Your goal:
Only the line containing "this 1344×1512 image." and those after it, up to the end of the records below, are to be set down, exactly as written.

Extracted data:
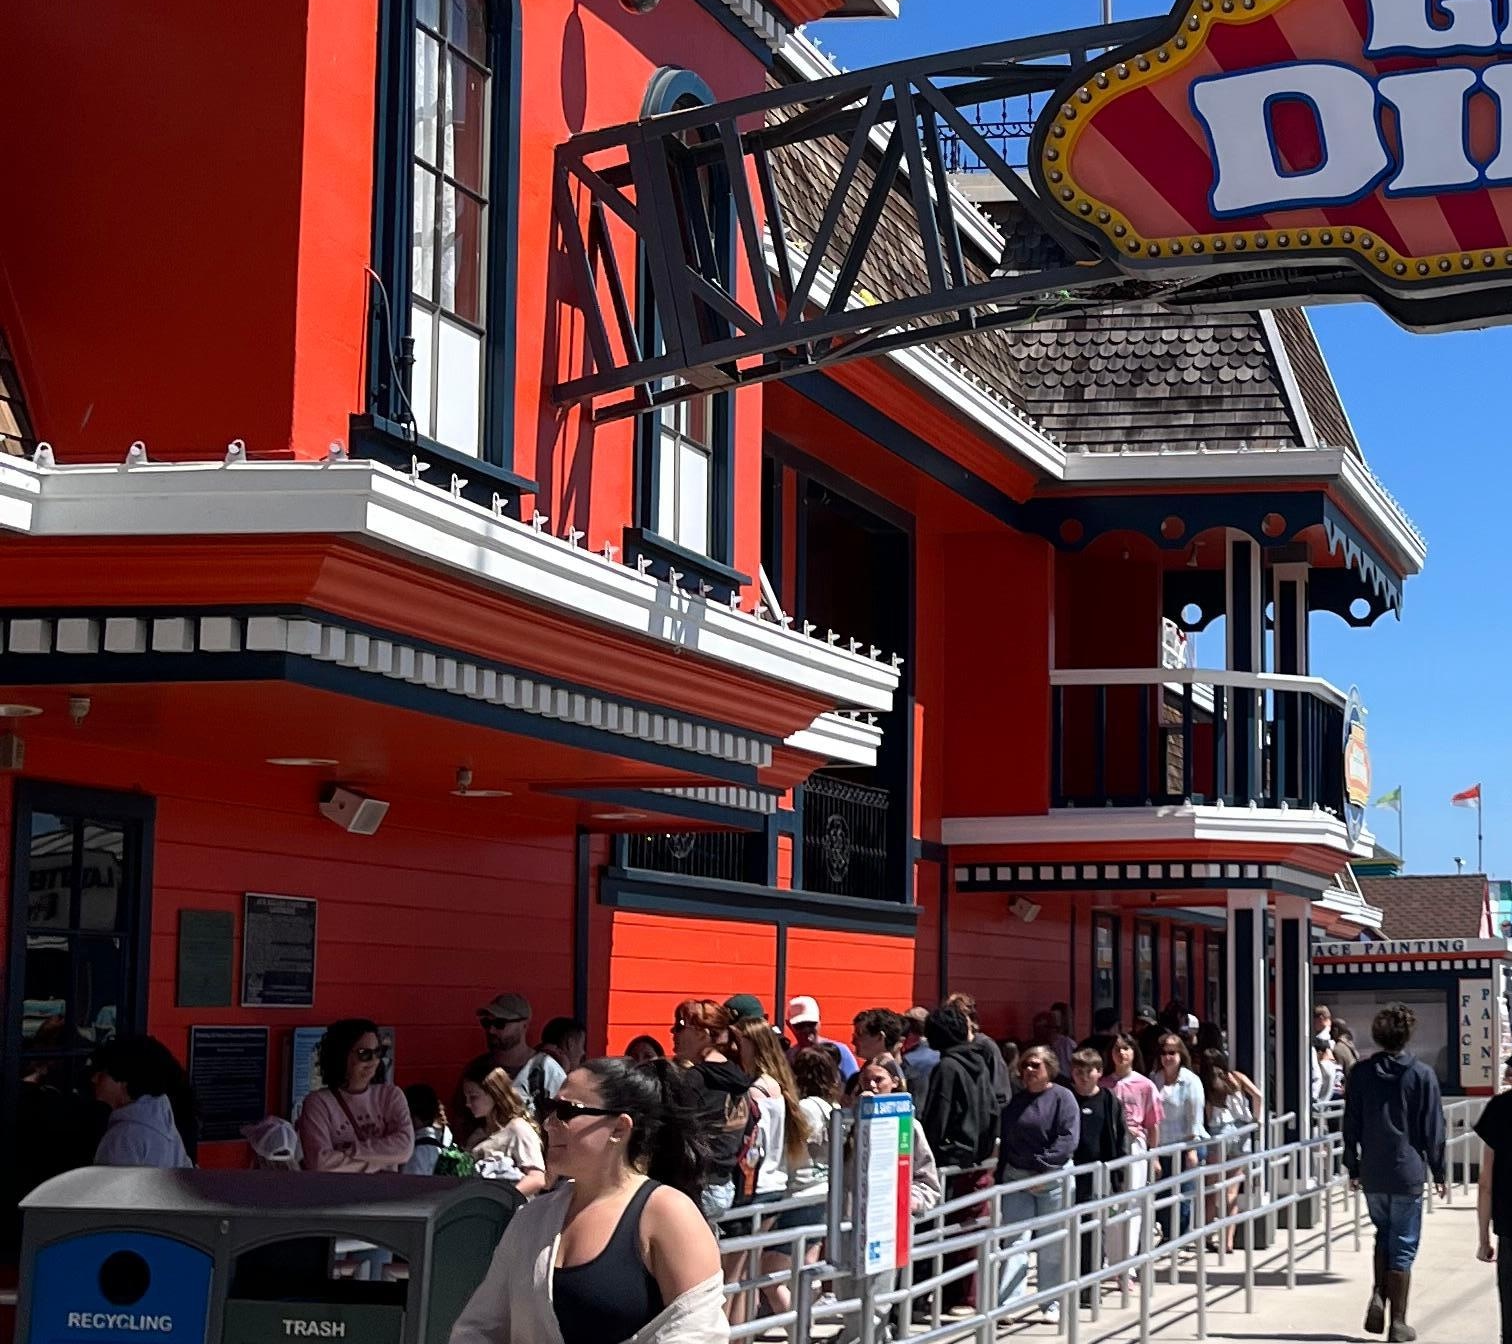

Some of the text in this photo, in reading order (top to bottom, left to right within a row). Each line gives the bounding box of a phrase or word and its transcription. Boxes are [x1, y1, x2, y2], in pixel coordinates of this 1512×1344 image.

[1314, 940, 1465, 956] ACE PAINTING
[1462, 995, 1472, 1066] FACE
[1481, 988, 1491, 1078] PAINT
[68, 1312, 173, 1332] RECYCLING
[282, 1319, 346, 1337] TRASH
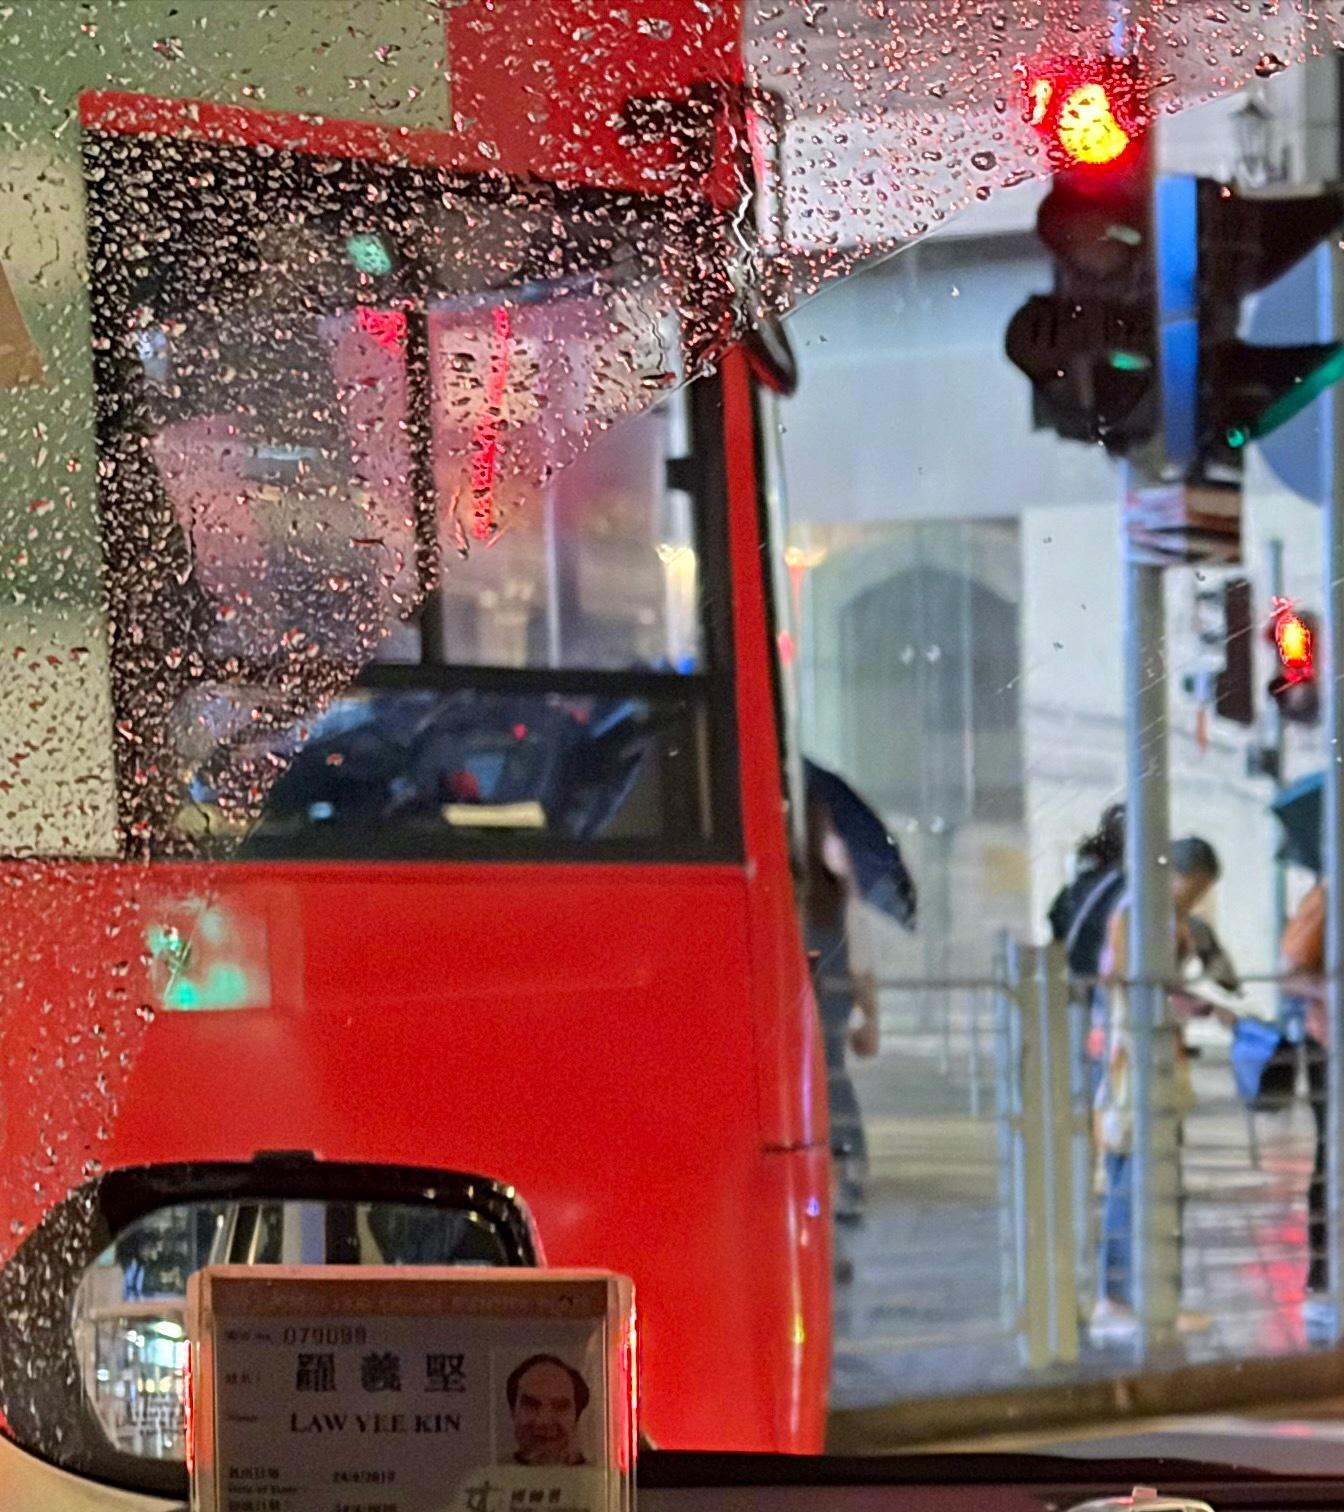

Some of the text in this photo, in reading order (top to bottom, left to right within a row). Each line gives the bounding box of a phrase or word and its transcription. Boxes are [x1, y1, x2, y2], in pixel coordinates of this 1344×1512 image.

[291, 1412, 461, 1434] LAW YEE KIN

Result for this task:
Some of the text in this photo, in reading order (top to bottom, left to right within a row). Each line gives the bounding box of a phrase or word and its transcription. Boxes are [x1, y1, x2, y2], in pixel coordinates of this 1344×1512 image.

[291, 1412, 461, 1434] LAW YEE KIN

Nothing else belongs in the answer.